Instead of answering, Silver drops his crutch, cups Flint’s face with both hands and kisses him long and deep, lips opening to take and suck Flint’s, thumbs smoothing the hidden dimple and the creases around his eyes. Flint returns the kiss, quick and hard and passionate, but immediately afterwards he breaks it, takes Silver by the shoulders and holds him at arm’s length, with his head slightly cocked. “And the point of all this was …?”

Silver laughs and takes a step closer to Flint. “Why are you asking?”

Flint slides his arms down to Silver’s waist and sighs deeply, in his familiar blend of fondness and annoyance. “Why do you always, unfailingly, answer a question with another fucking question?”

“The Jews I knew in London had an answer.” He withholds it, looking cheerfully unconcerned, until Flint gives in, with a long-suffering “What was it?” 

Silver quickly steps back, out of arm’s reach: “Why _shouldn’t_ I answer a question with another fucking question?” 

Flint huffs out a brief, grudging laugh. Silver grows serious. “There are many other stories; there is more than one Odysseus. The Odysseus who listened to the song of the Syrens without allowing them to lure him and his crew to their deaths. The Odysseus who defeated the man-eating Cyclops by telling him that his name was Nobody.”

“Someone else used that strategy. _I am no one. From nowhere. Belonging to nothing._ While all the time planning on defeating me.”

Shit, Silver handed Flint a weapon, of course Flint used it. “I know.” _And I’ll wait a day, a month, a year, the rest of my fucking life for you to fully forgive me. We have plenty of time._

“Can we go back to Odysseus? What I was getting at is that there’s yet another story about him. Another Odysseus. I’m going to show him to you.”

 

It’s cold inside, and the place is less tidy than it was two days ago. Silver’s sack of belongings is standing in one corner, his coat is on the arm of the chaise-longue, and the breakfast dishes are still on the table.

Silver walks straight to the bookshelf and pulls the translation of Dante’s _Inferno_ out. He leafs through the pages until he finds the right place, not far from the end. “This Odysseus is in Hell, among the liars and deceivers.”

Flint shakes his head. “I don’t think I ever got that far.”

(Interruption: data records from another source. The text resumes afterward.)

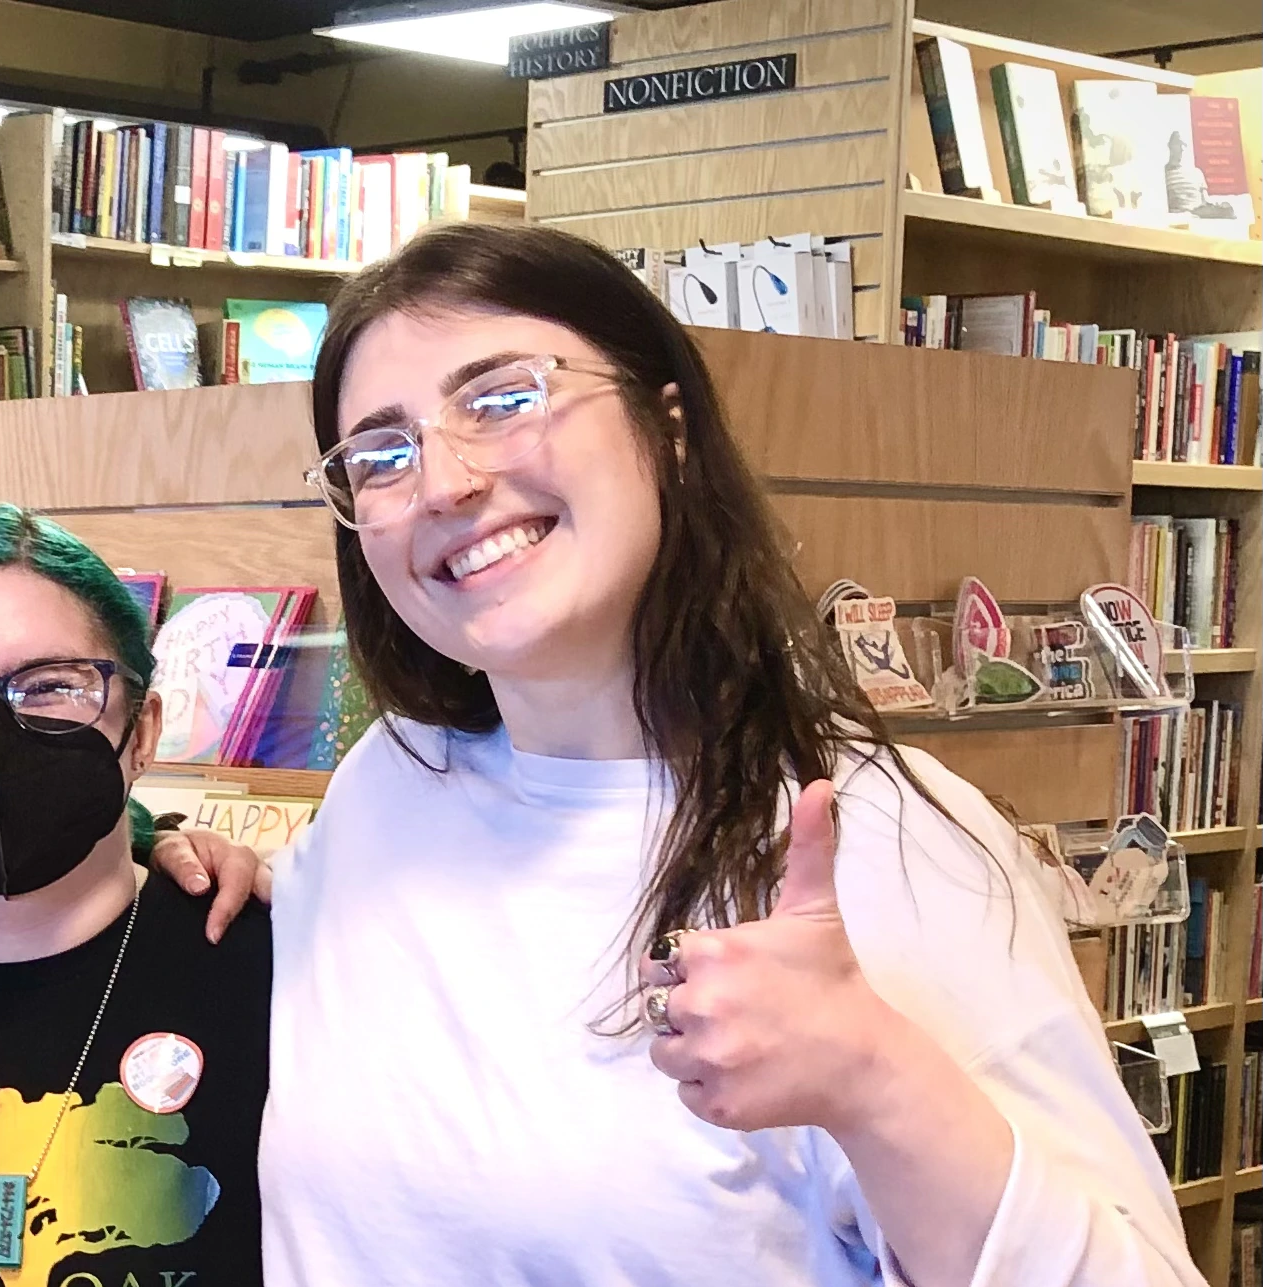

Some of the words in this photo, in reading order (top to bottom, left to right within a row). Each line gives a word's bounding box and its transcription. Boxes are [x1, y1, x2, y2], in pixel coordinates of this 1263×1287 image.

[512, 22, 600, 52] POLITICS
[509, 47, 599, 78] HISTORY
[608, 57, 788, 108] NONFICTION
[144, 332, 195, 353] CELLS
[166, 604, 231, 650] HAPPY
[868, 602, 893, 622] SLEEP
[194, 803, 310, 847] HAPPY
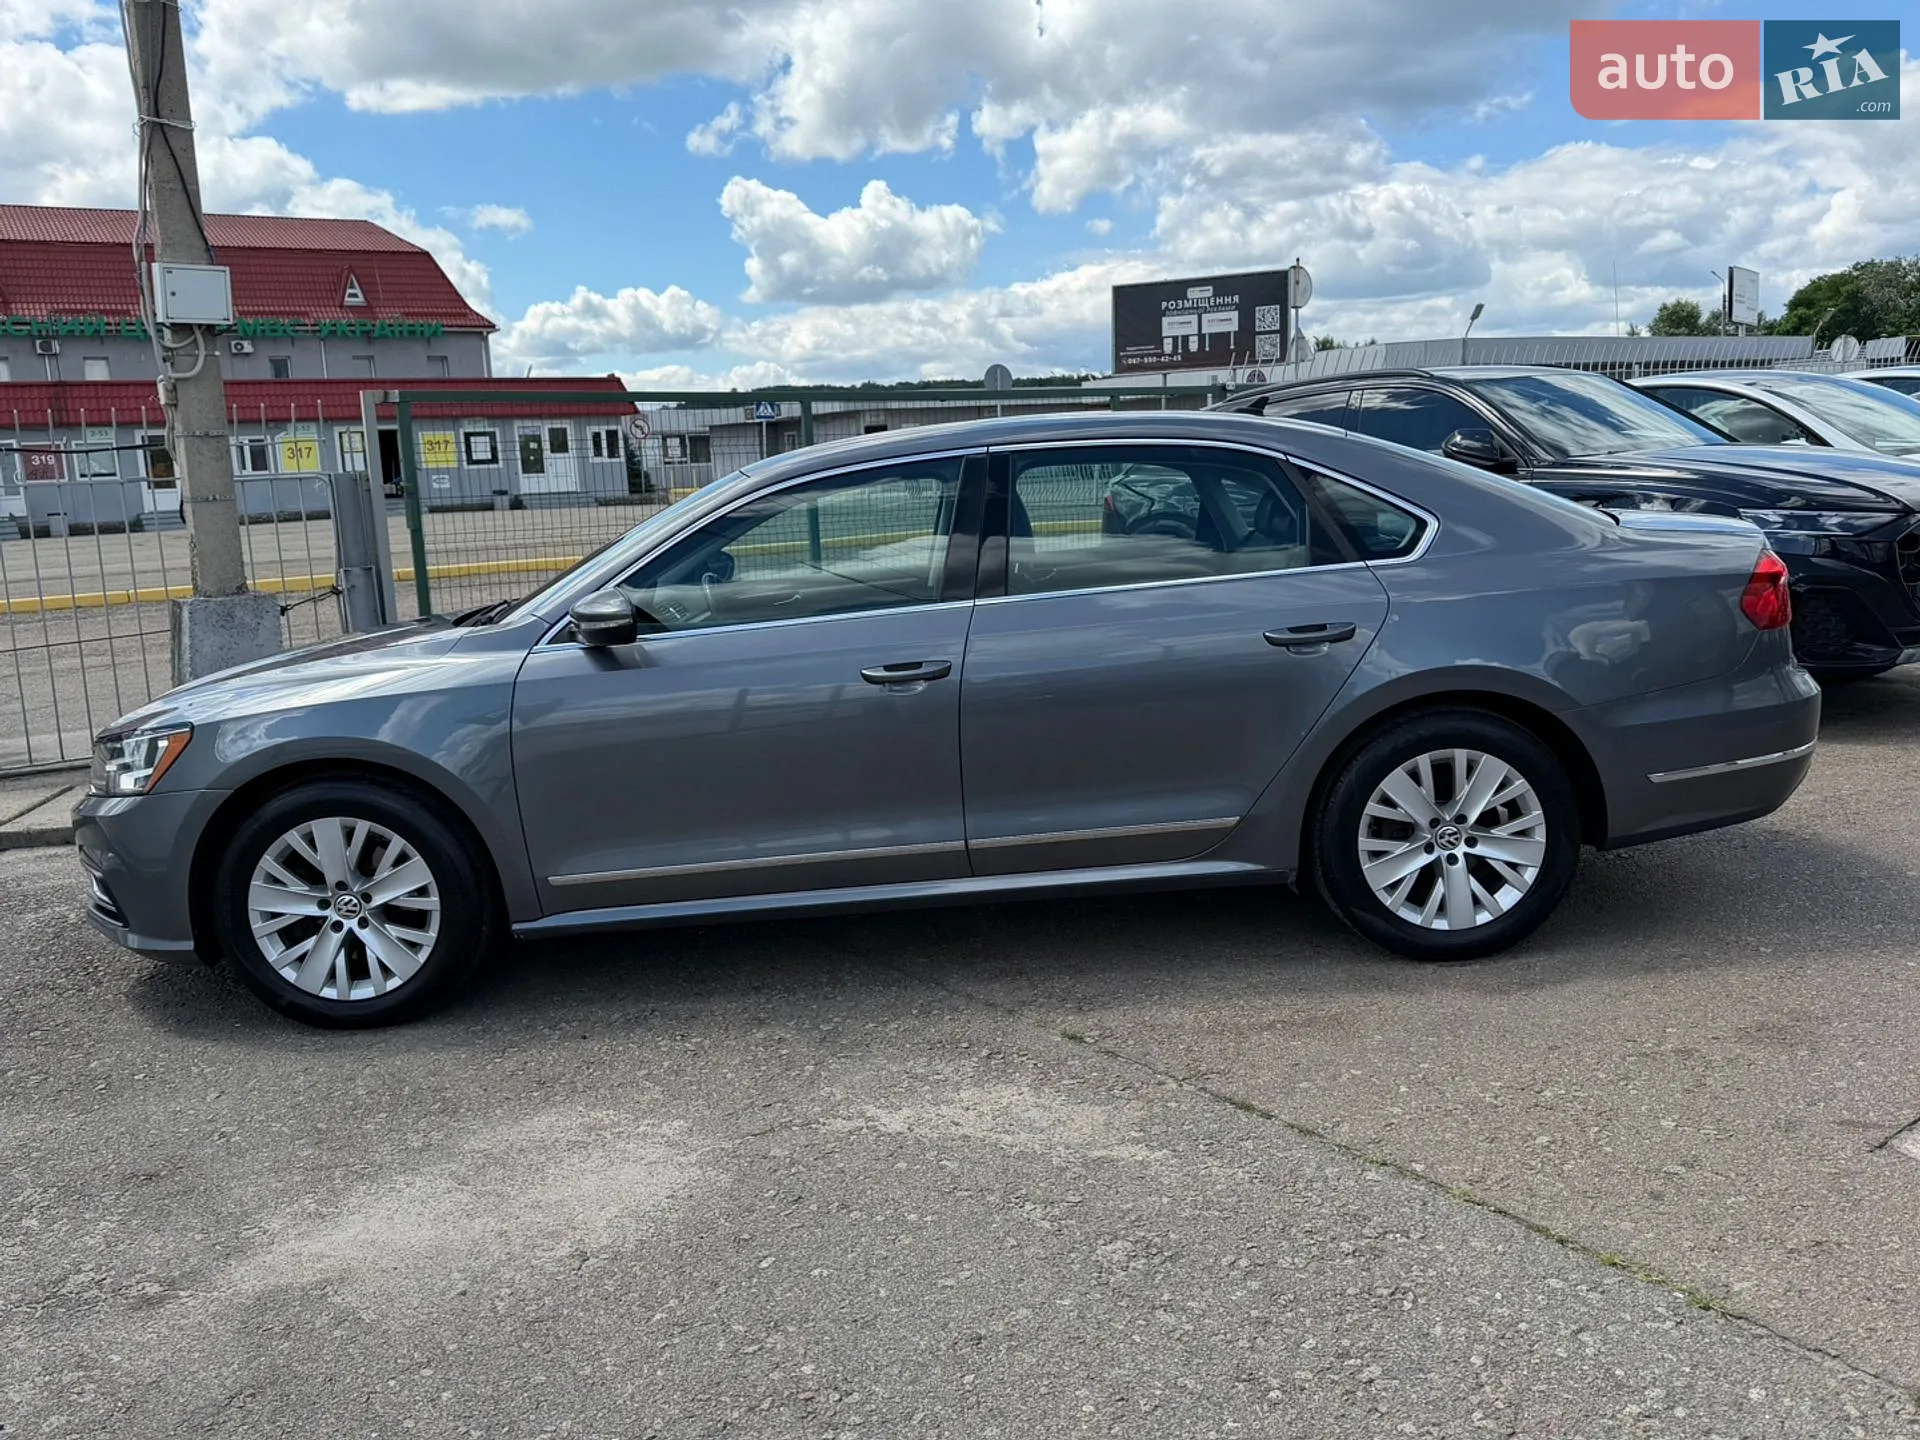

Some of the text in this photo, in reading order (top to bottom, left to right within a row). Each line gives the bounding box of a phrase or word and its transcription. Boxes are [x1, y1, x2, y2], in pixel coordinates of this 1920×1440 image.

[1161, 294, 1240, 310] РОЗМІЩЕННЯ
[237, 317, 305, 338] МВС
[317, 314, 444, 339] УКРАЇНИ
[426, 439, 450, 452] 317
[31, 454, 55, 466] 319
[286, 446, 313, 460] 317

Silver hands him the book. “I’m going to bed. When you want to, you can let me know what you think.” He looks into Flint’s eyes, slightly narrowed but not too troubled. “No hurry. I can wait.”

 

He has been standing in front of the open window of the bedroom for a while, listening to the crickets and pondering about the power of stories. The power the teller grabs when he takes the story, changes some parts and passes it on to others. The power the story gives the listeners, when they realise what pieces of the teller are in it. He shifts his weight and leans on the crutch, trying not to dwell on the stories he told, the stories he spread.

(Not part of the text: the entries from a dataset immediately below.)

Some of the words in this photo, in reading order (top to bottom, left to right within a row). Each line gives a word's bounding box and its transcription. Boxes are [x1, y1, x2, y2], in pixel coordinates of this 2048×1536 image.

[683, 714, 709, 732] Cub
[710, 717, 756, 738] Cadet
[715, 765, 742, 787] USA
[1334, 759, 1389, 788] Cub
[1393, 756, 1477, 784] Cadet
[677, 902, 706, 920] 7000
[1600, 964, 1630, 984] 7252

He hears Flint’s steps coming up the stairs and waits, without speaking or turning around.

Two freckled arms enclose him from behind. Flint lays the book down on the windowsill and speaks against the nape of Silver’s neck. “ _My burning desire to gain experience of the world, of human evil, of human worth._ I used to have that, when I was in the Navy. And I got my wish.” A small sigh that moves through Silver’s hair. “Enough. Too much has been taken from me.”

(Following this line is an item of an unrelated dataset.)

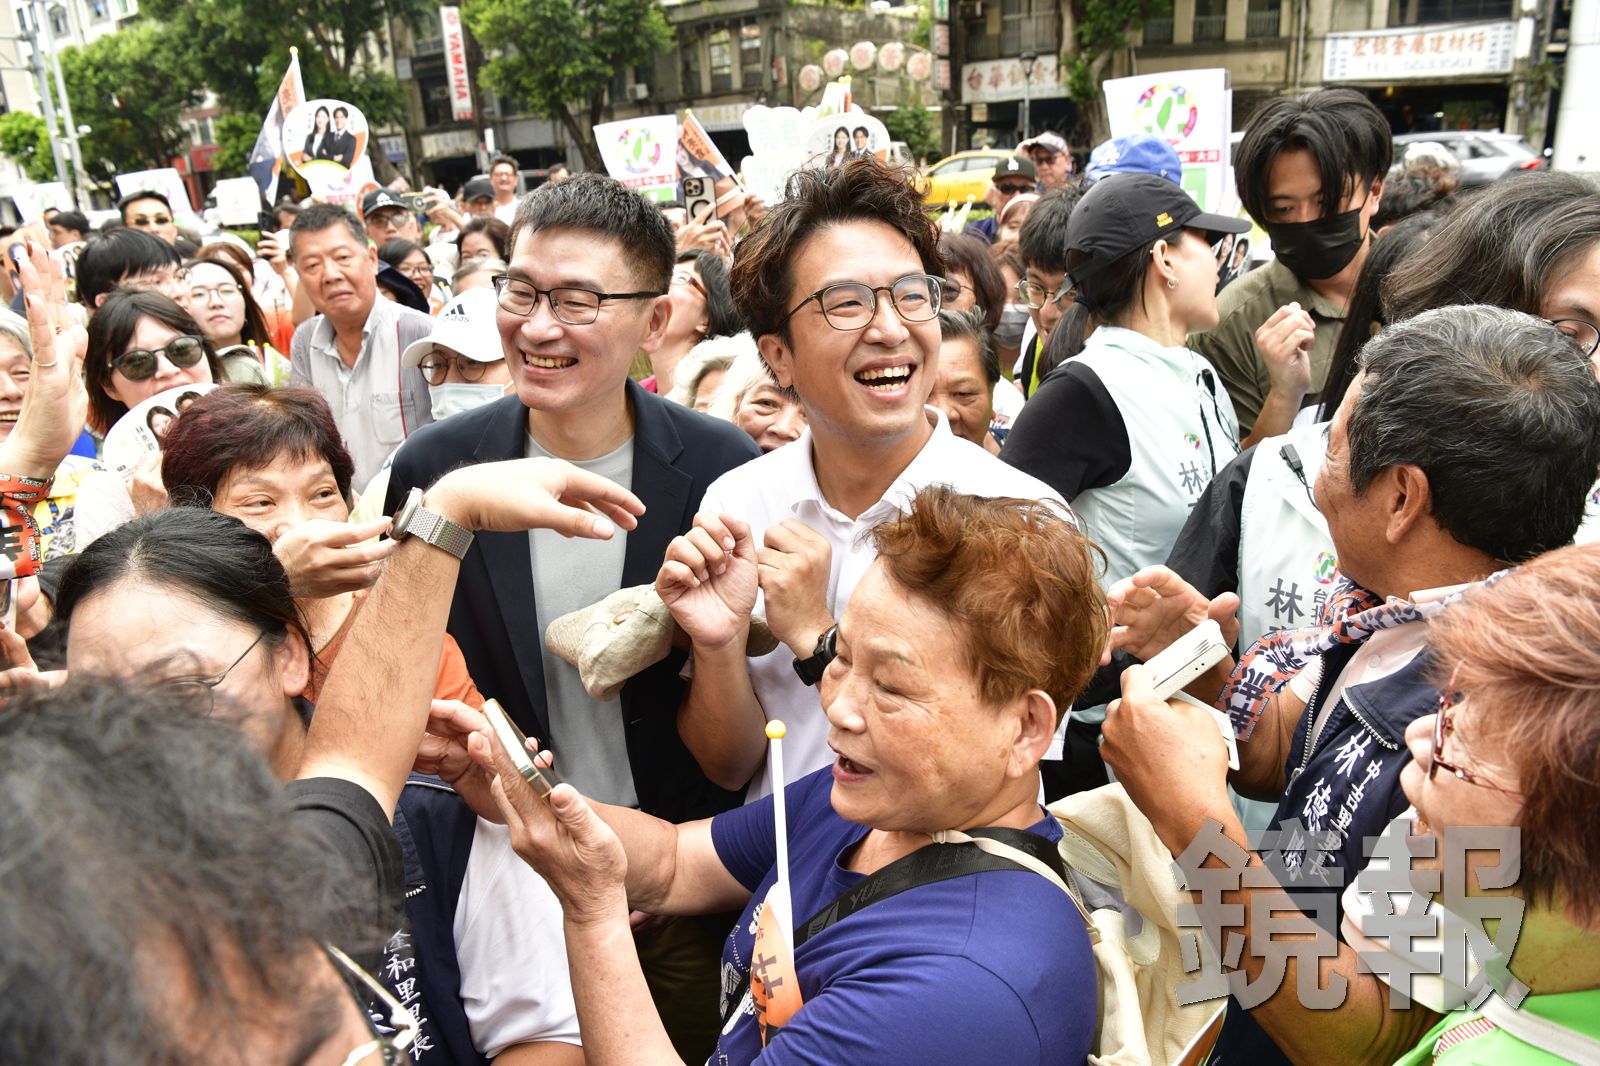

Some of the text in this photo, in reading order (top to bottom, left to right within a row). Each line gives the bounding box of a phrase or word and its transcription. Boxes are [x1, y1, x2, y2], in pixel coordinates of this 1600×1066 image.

[449, 32, 468, 99] YAMAHA
[1179, 461, 1204, 511] 林
[1265, 577, 1305, 630] 林

“And there’s still much left,” Silver says, without turning. He bites his lip, desperately trying to remember Dante’s lines; he had learned them by heart in Italian when he was staying with a priest in Naples, fifteen years ago, in another life, irrelevant now. All that’s left of those lines are sparse fragments floating around in his mind; translating them into English is painfully difficult, but he goes ahead and tries for all he’s worth, because they fucking matter: “ _My companions and I were old and slow … Brothers, I said, now our senses are fading, our time is running short. Do not deny yourselves experience …_ ”

He tries to remember what comes next, but shit, he can’t, he just can’t. He gives up and grabs the book, finds the page, and just reads the written translation: 

_Consider ye the seed from which ye sprang;  
Ye were not made to live the life of brutes,  
But for pursuit of virtue and of knowledge._

“Please believe this,” he whispers.

Flint is quick to respond. “And what happens next? Odysseus pushes on, and dies for it and his crew with him.” He doesn’t let go of Silver, but sharply turns him around, so they’re facing each other. “Remember? God sends them a fucking whirlwind, the ship goes under, and he drowns with all his men, _until the sea above us closed again._ ”

They exchange a long look. Each of them can remember the moment the sea closed above his head, the complete aloneness of sinking deeper and deeper, the thought _This is the end. This is where I cease to exist._ But, unlike Odysseus, each made it back to the surface, Flint thanks to Silver, Silver thanks to his stubborn will to stay alive.

“If _we_ push on,” Silver says, stressing the pronoun, “no sea is going to close over us again.” His eyes hold Flint’s, pouring confidence and promises into them. “And if it ever should, I want to be right there, every single time, to fish you out.”

Flint raises both eyebrows, his eyes full of amusement and tenderness. He releases Silver and buries his hands in Silver’s hair, with a little sound of pleasure.

“All right. Don’t be too disappointed if it never happens.” He takes one step back, pulls his shirt over his head and starts unfastening his trousers. “Let’s get some sleep.”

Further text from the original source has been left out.